**WHAT THE EXERCISE ASKS**:
Skip the pictures, and retype the data below in full, exactly.

**MATERIAL SHOWN**:

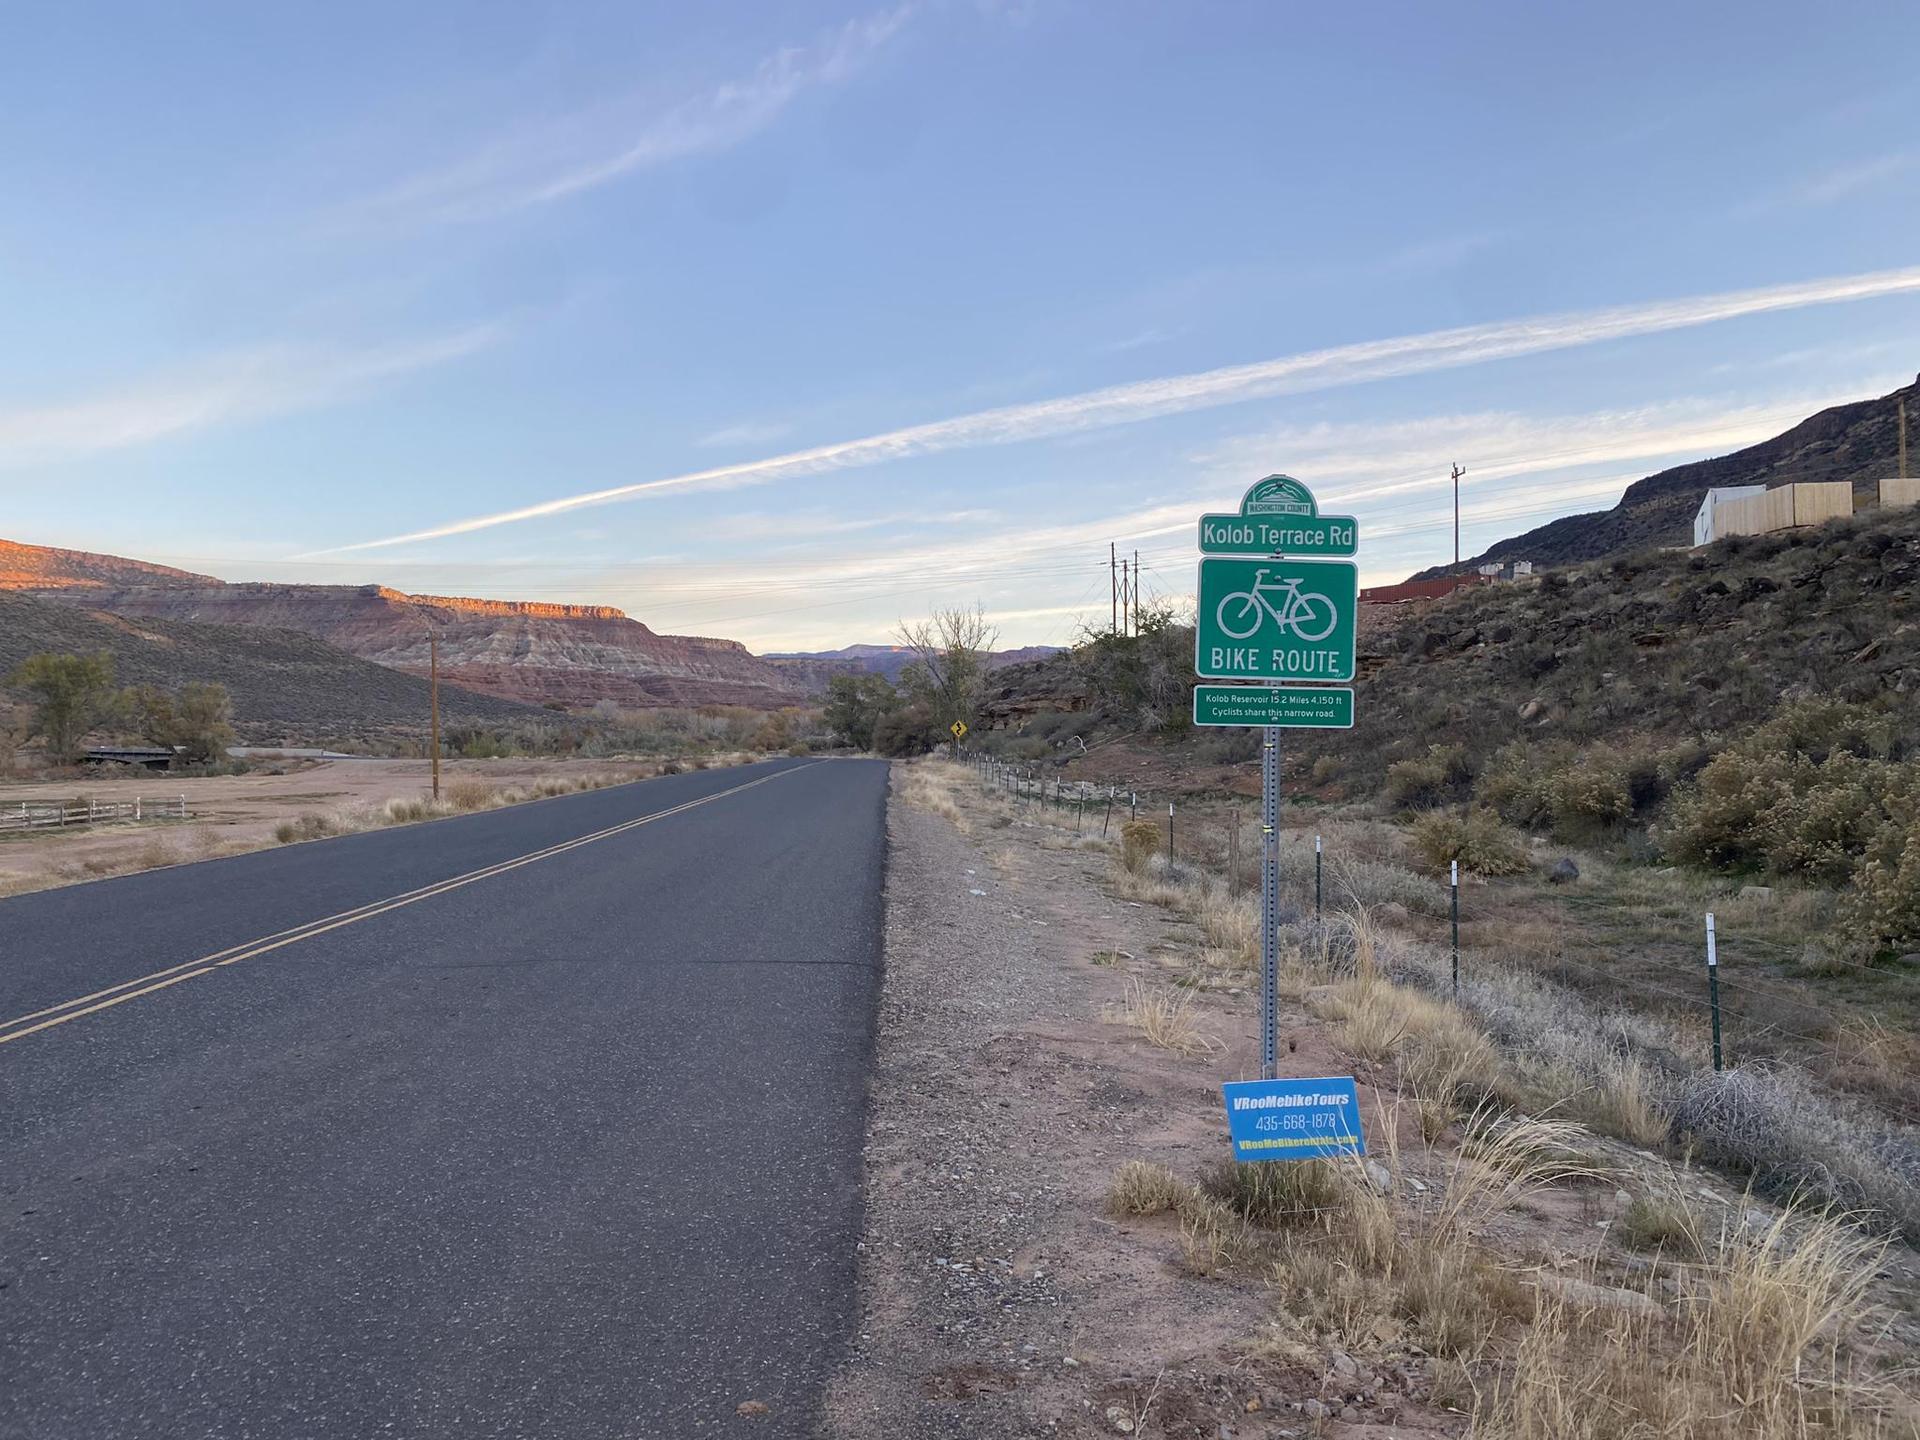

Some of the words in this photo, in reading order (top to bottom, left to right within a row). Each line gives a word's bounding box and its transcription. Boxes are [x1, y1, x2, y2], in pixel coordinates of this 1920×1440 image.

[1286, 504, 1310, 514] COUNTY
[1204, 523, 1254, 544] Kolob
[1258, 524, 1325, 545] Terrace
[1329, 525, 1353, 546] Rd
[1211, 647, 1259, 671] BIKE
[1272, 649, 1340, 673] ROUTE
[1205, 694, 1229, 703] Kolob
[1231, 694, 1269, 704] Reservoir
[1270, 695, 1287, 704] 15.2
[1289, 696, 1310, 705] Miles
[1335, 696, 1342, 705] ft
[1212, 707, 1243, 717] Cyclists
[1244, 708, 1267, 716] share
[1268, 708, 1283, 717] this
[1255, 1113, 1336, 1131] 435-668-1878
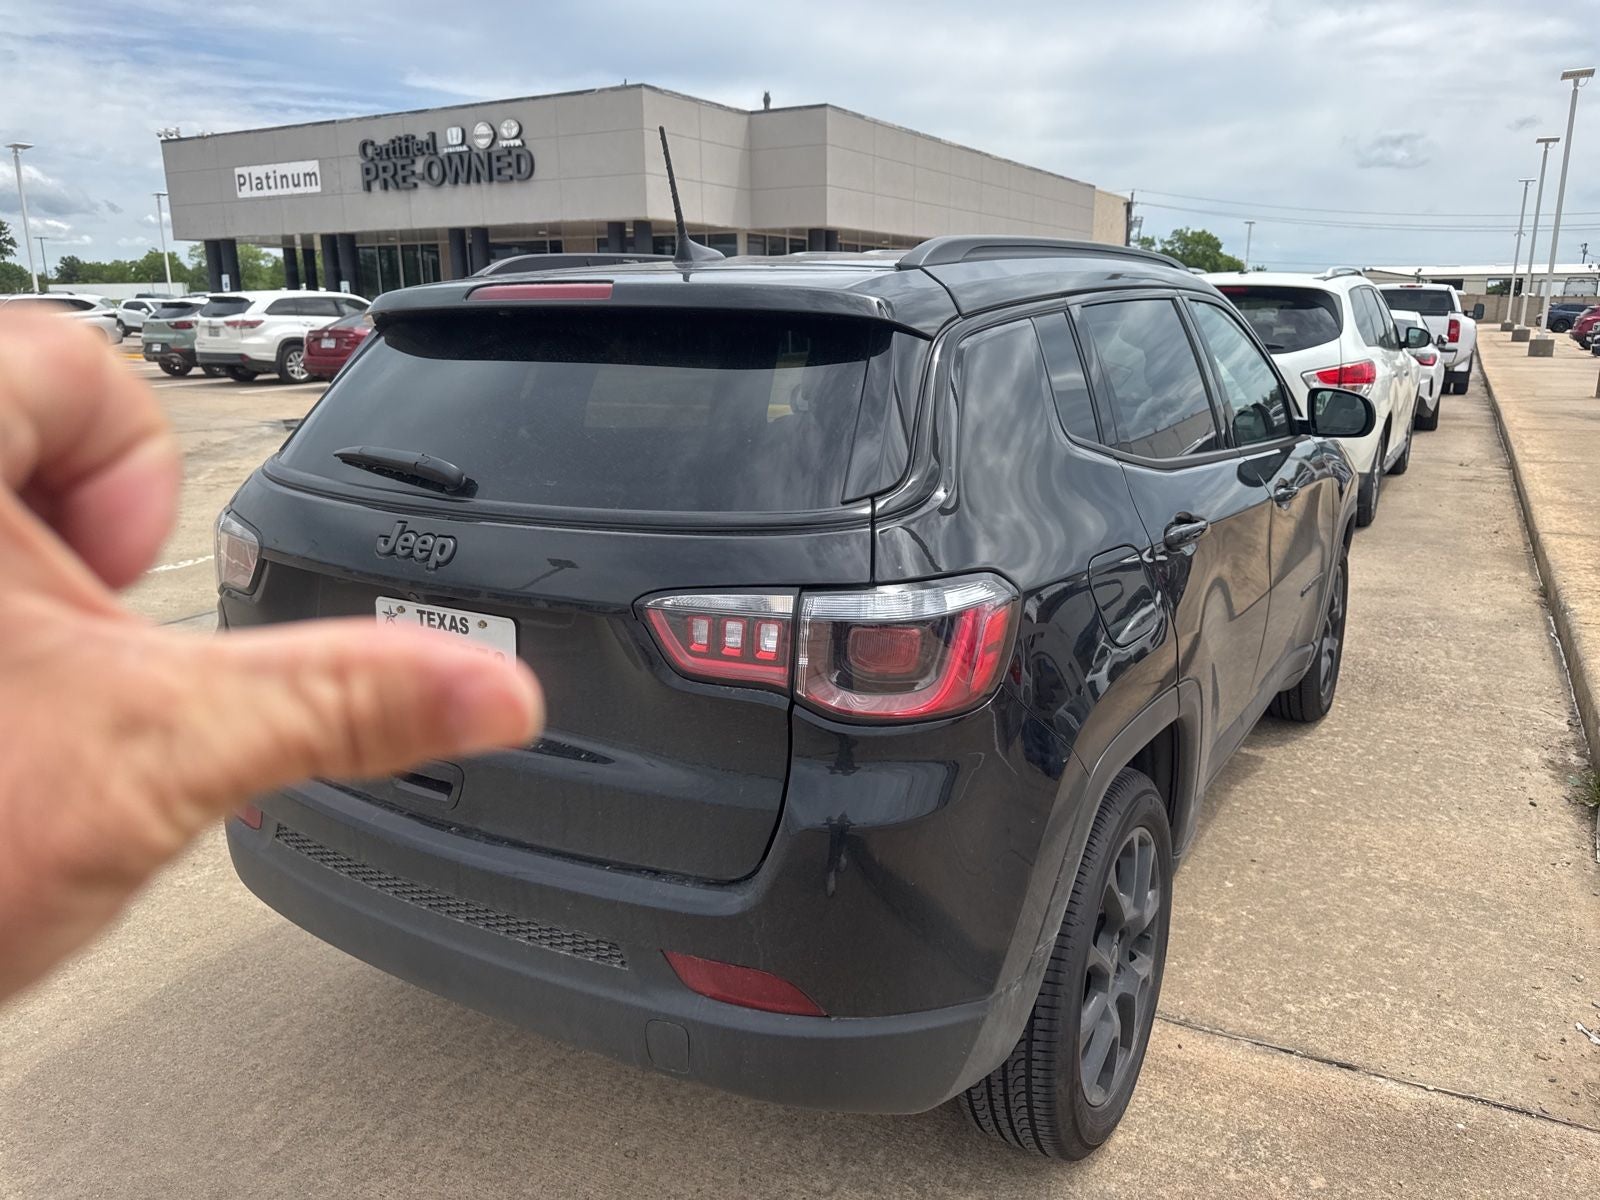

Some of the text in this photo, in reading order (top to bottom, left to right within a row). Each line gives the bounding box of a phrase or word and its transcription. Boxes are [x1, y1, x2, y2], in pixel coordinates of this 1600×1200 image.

**WRITTEN RESPONSE**:
Some of the words in this photo, in reading order (top to bottom, left to right within a row). Each line gives a word's bounding box and its transcription. Boxes are [x1, y1, x2, y2], in pixel coordinates of this 1920×1440 image.

[1286, 504, 1310, 514] COUNTY
[1204, 523, 1254, 544] Kolob
[1258, 524, 1325, 545] Terrace
[1329, 525, 1353, 546] Rd
[1211, 647, 1259, 671] BIKE
[1272, 649, 1340, 673] ROUTE
[1205, 694, 1229, 703] Kolob
[1231, 694, 1269, 704] Reservoir
[1270, 695, 1287, 704] 15.2
[1289, 696, 1310, 705] Miles
[1335, 696, 1342, 705] ft
[1212, 707, 1243, 717] Cyclists
[1244, 708, 1267, 716] share
[1268, 708, 1283, 717] this
[1255, 1113, 1336, 1131] 435-668-1878

Some of the text in this photo, in reading order (top to bottom, left to right within a row). Each line gives the bounding box of a phrase or word and its transcription. Boxes are [x1, y1, x2, y2], in pixel coordinates of this 1600×1200 image.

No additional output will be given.